Pourquoi le Jardin Maore ?
C’est grâce au réseau de la Réunion et à la rencontre avec une scientifique lors d’un séminaire sur les tortues marines qu’elle a eu l’opportunité de venir observer et protéger les tortues de N’Gouja.
Ton endroit préféré pour plonger à Mayotte ?
La passe Bouéni
Manon a une place toute particulière au sein du Jardin Maore, son rôle est d’accompagner l’établissement dans ses projets environnementaux et la biodiversité. Depuis début mars, elle suit donc de près l’activité de l’hôtel depuis sa rénovation.

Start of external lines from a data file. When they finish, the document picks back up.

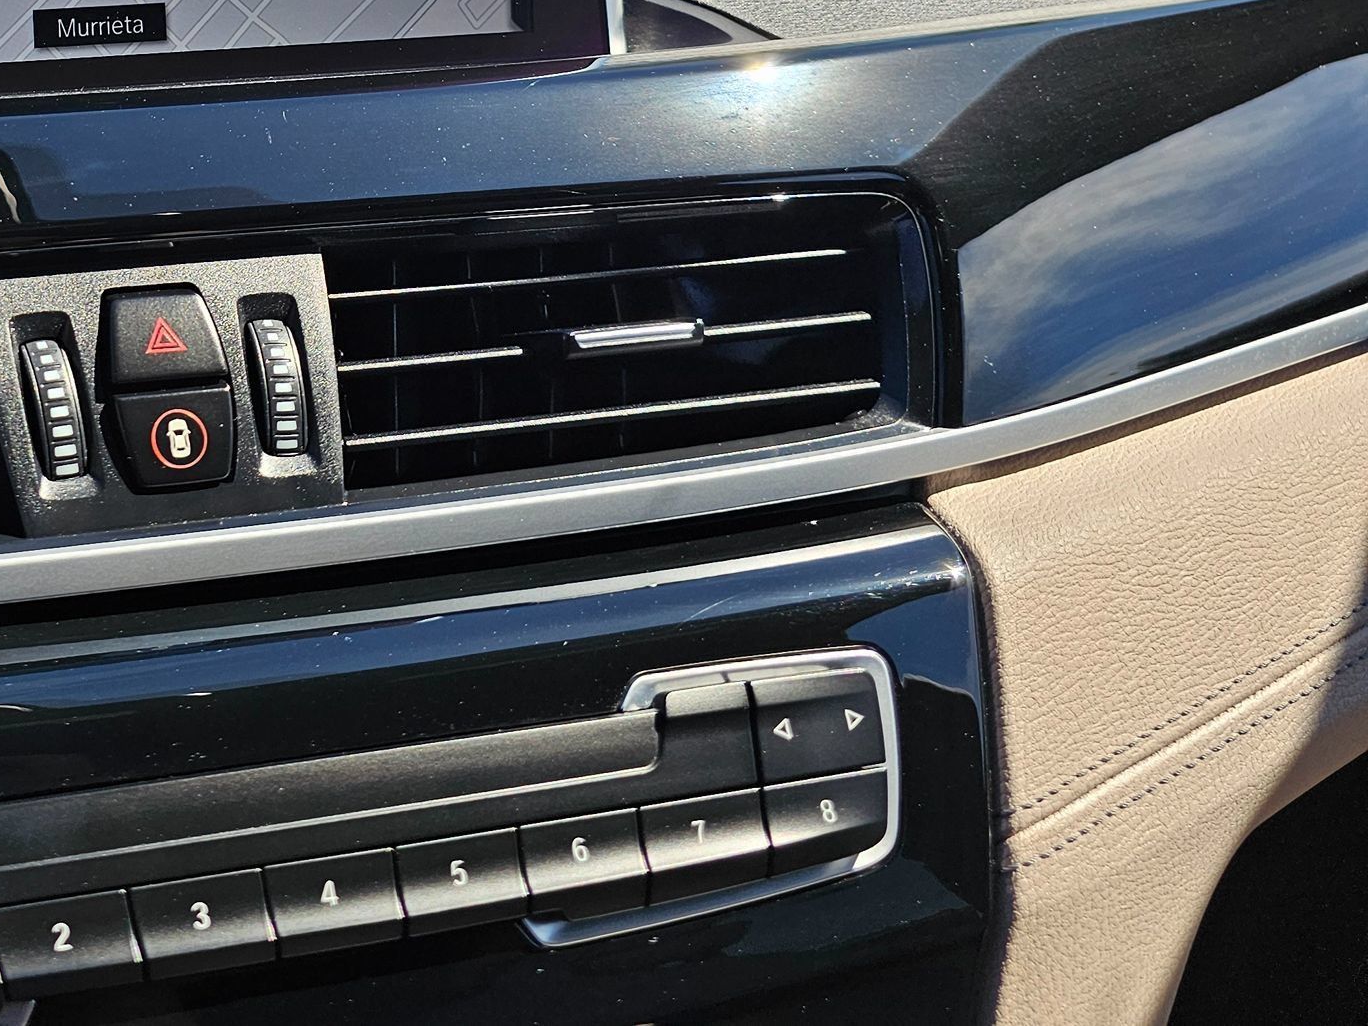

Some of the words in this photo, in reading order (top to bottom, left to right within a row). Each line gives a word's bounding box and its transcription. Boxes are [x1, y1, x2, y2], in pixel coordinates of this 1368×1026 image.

[57, 15, 144, 38] Murrieta
[819, 799, 838, 823] 8
[690, 819, 706, 844] 7
[571, 837, 589, 862] 6
[449, 859, 469, 886] 5
[320, 879, 339, 906] 4
[190, 901, 211, 930] 3
[50, 922, 74, 952] 2

C’est le soucis de l’autre et de l’environnement qui a guidé Manon. Diplômée d’un master en droit international de l’environnement, et d’unu master International Public Management de Sciences Po Paris, elle a occupé plusieurs postes dans le public et le privé. Elle a notamment travaillé auprès d’un député, dans un cabinet de conseil sur la pollution plastique et pour un établissement public sur les enjeux de biodiversité. Après avoir grandi et vécu auprès de la Méditerannée, Manon a fait une escale à la réunion et maintenant à Mayotte.
C’est une envie de travailler avec le tourisme et avoir un impact plus rapide et concret, surtout sur un territoire comme Mayotte où la préservation de l’environnement va avec le développement économique de l’île.